Peu après, tout aussi brutalement, son fils mit fin à ces jours. Une malédiction, un roman d’horreur, une famille ravagée part la douleur Le téléphone puis le train et une nouvelle cérémonie civile.
Puis ce fut ma mère, et sa douloureuse fin de vie, des jours et des nuits à l’hôpital puis le coup de fil de l’interne au petit matin. Son heure était arrivée depuis longtemps, ce fut presque un soulagement pour elle. Mais cette fois la cérémonie fut sordide.
Ma rencontre avec la mort fut brève et intense. Nous nous sommes croisés sur une piste cyclable. Elle avait un skateboard, moi un vélo. J’ai survécu de justesse à la première nuit grâce à un médecin avisé et ensuite j’ai regardé le monde d’un tout autre oeil.
Mais si cette fois elle m’avait épargné, elle n’en a pas moins continué son oeuvre. La même année mon oncle partit des suites d’un cancer et au premier de l’an de l’année suivante une amie disparut, me laissant bouleversé après ces jours de festivités. Je pense souvent à elle.
Puis la mort signa une trêve, enfin une courte trêve avant décès d’une nouvelle amie. Un SMS foudroyant, porteur de la sinistre nouvelle. Ce fut la première fois que je me rendais à une cérémonie religieuse, pour soutenir son frère, ami de très longue date. Je déteste les cérémonies religieuses avec tout leurs rituels ésotériques, un peu ridicules, mais c’était une façon de pleurer la disparue en compagnie d’amis. Ce jour là, dans l’église froide, j’ai pensé à tous ces proches que j’ai perdu, mes frères, mon neveu, ma mère, ma tante, mon grand père, mes amis.
La semaine suivante, un ami et collègue partait lui aussi.
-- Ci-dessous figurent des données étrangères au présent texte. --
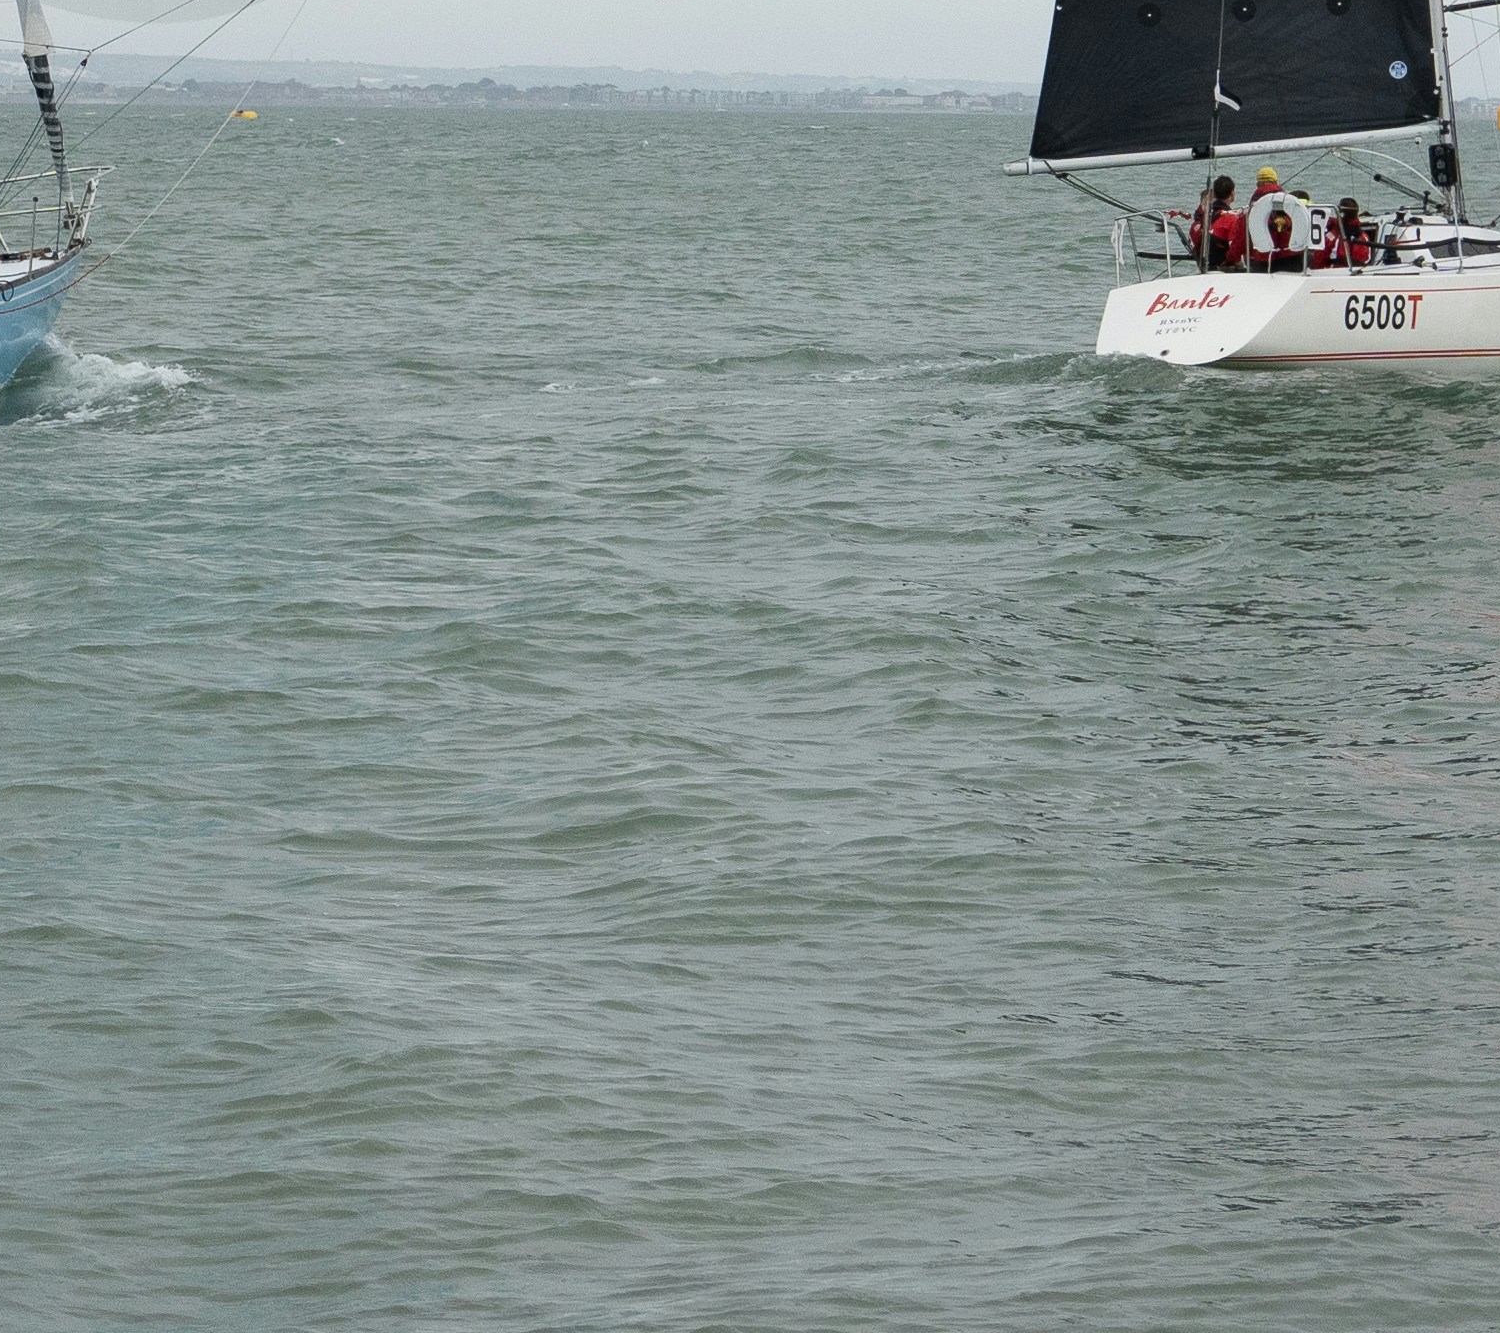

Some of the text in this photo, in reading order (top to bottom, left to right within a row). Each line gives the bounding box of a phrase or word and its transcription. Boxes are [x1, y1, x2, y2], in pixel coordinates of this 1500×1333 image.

[1311, 208, 1326, 245] 6
[1145, 286, 1234, 316] Banter
[1344, 294, 1423, 330] 6508T
Je l’ai appris par une actualité anonyme sur le site internet de notre entreprise. Sordide.
Il ne reste plus grand monde à tuer dans ma famille, un vieux père fatigué, un frère avec qui j’ai peu de contact et moi même.
Je ne songe pas à mon épouse, encore moins à mes enfants, attendez donc que je sois froid avant des faire les cons, j’y perdrai sinon la raison.
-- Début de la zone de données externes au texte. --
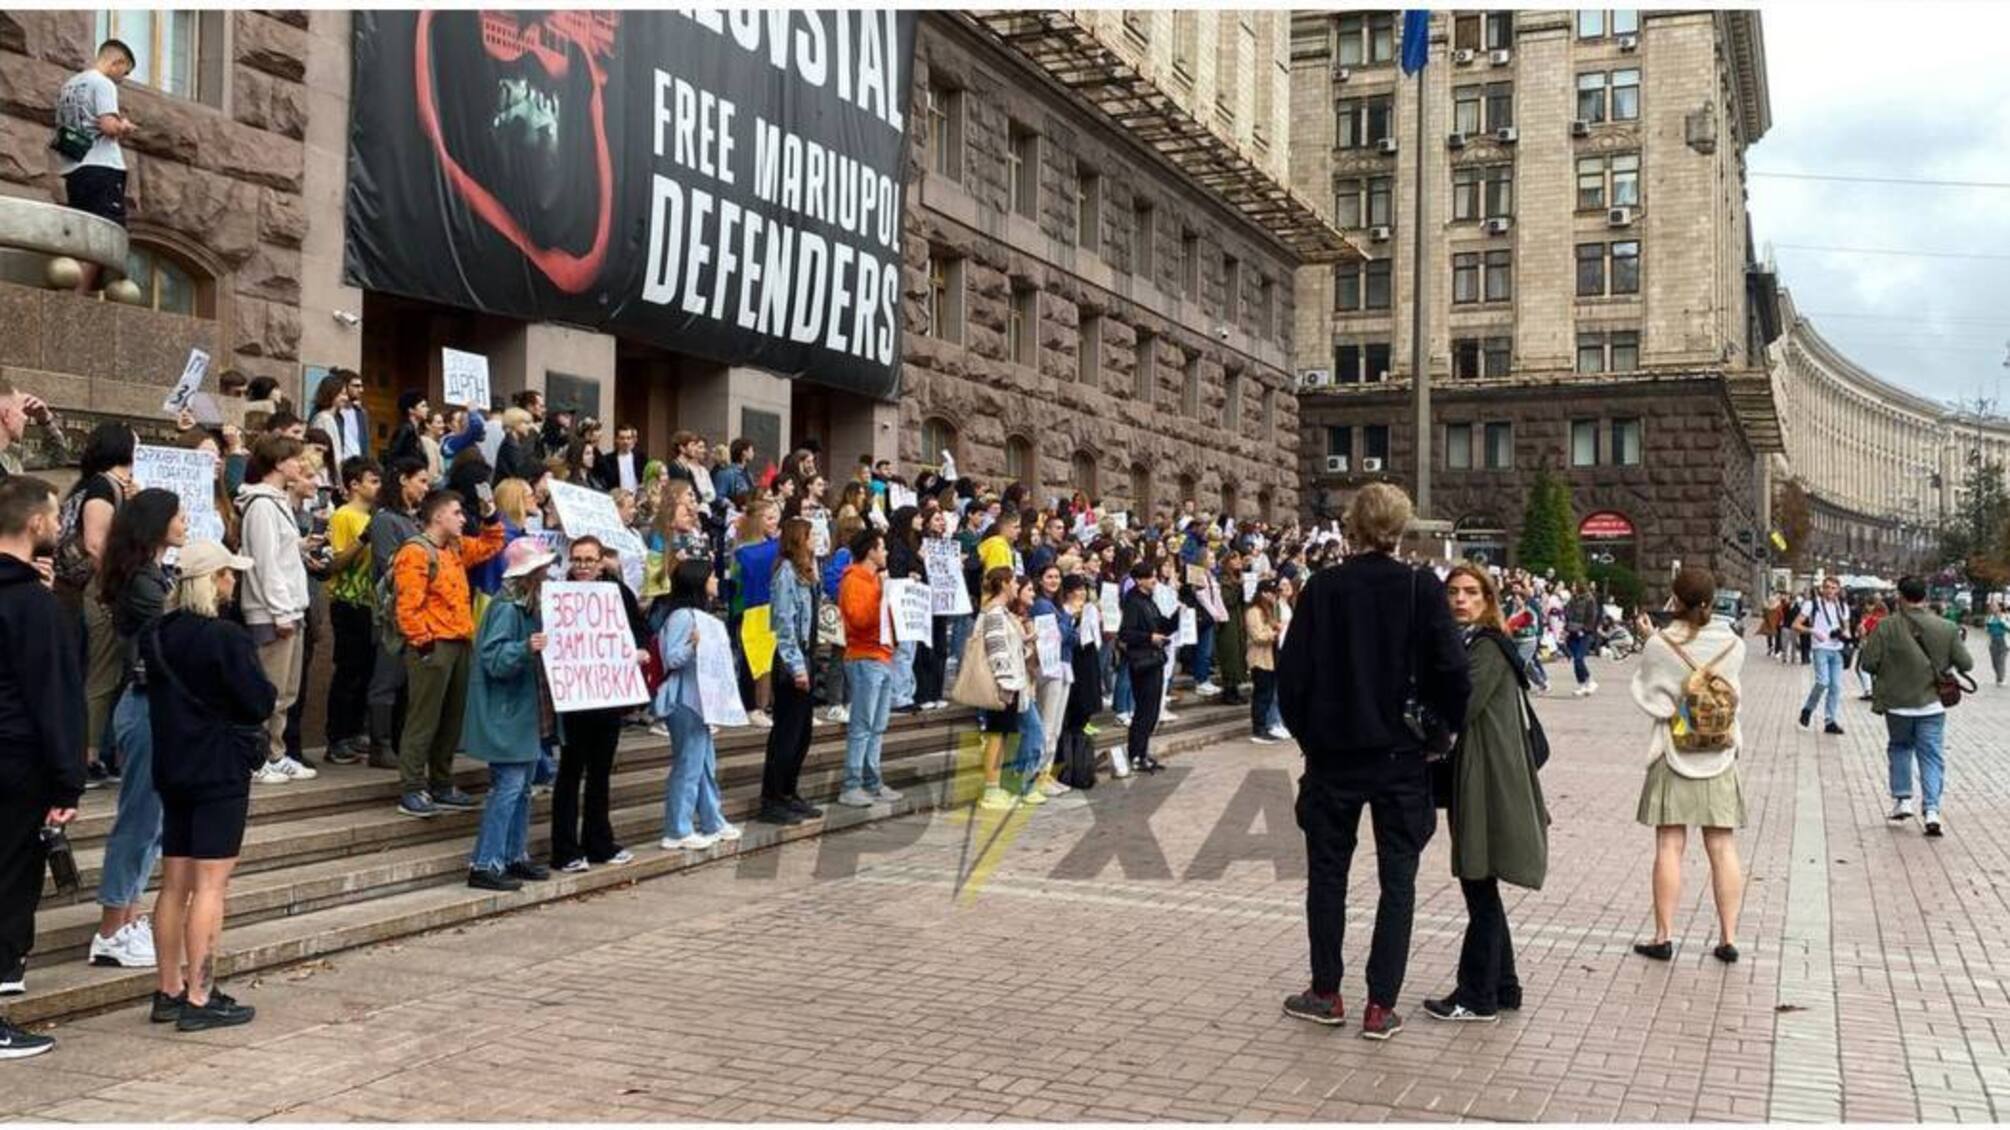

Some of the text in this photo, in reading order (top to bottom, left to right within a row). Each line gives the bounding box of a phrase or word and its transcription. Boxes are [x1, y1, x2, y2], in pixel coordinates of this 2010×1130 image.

[653, 67, 900, 254] FREE MARIUPOL
[641, 173, 898, 367] DEFENDERS
[551, 663, 641, 701] БРУКІВКИ
[553, 631, 632, 661] ЗАМІСТЬ
Cependant j’avoue être curieux. Curieux de la mort, de préférence sans souffrance, juste pour savoir. Je ne suis pas pressé notez le, sauf parfois lorsque les crises de migraines deviennent trop violentes et rapprochées. Je n’ai pas peur, pas encore, sauf la crainte de traîner trop longtemps. Je ne suis pas mystique, ni religieux, juste curieux de savoir qui avait raison.